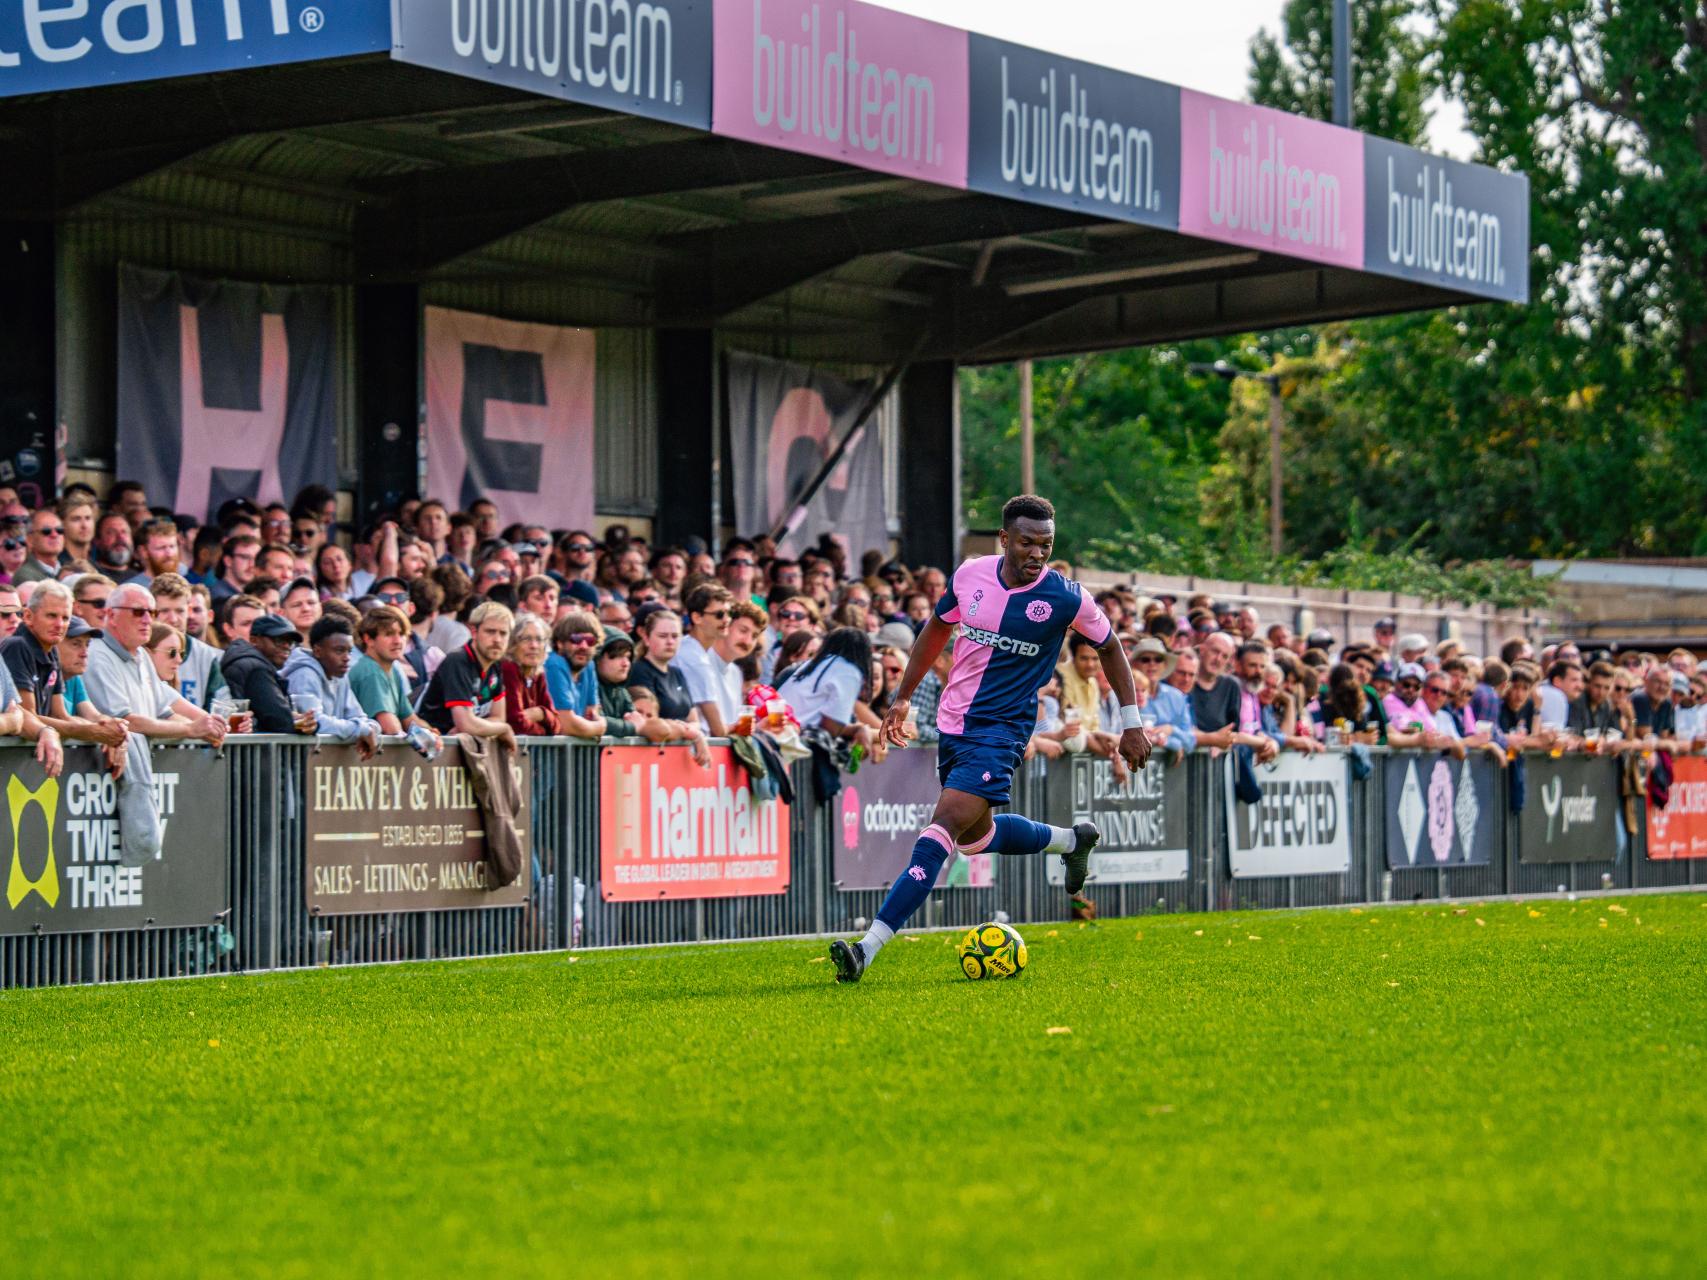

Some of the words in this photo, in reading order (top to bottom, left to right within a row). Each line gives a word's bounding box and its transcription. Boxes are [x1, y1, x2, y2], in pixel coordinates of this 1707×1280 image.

[968, 601, 979, 616] 2
[961, 624, 1040, 657] DEFECTED
[314, 766, 405, 811] HARVEY
[409, 766, 429, 810] &
[650, 763, 778, 859] harnham
[1093, 810, 1158, 847] WINDOWS
[1236, 780, 1337, 851] DEFECTED
[382, 825, 443, 847] ESTABLISHED
[66, 865, 143, 908] THREE
[314, 865, 352, 895] SALES
[363, 862, 429, 893] LETTINGS
_ _ _ _
**Task to carry out:** Give back the full listing exactly, with pictures dropped.

**Solution:**
Some of the words in this photo, in reading order (top to bottom, left to right within a row). Each line gives a word's bounding box and its transcription. Boxes are [x1, y1, x2, y2], in pixel coordinates of this 1707×1280 image.

[968, 601, 979, 616] 2
[961, 624, 1040, 657] DEFECTED
[314, 766, 405, 811] HARVEY
[409, 766, 429, 810] &
[650, 763, 778, 859] harnham
[1093, 810, 1158, 847] WINDOWS
[1236, 780, 1337, 851] DEFECTED
[382, 825, 443, 847] ESTABLISHED
[66, 865, 143, 908] THREE
[314, 865, 352, 895] SALES
[363, 862, 429, 893] LETTINGS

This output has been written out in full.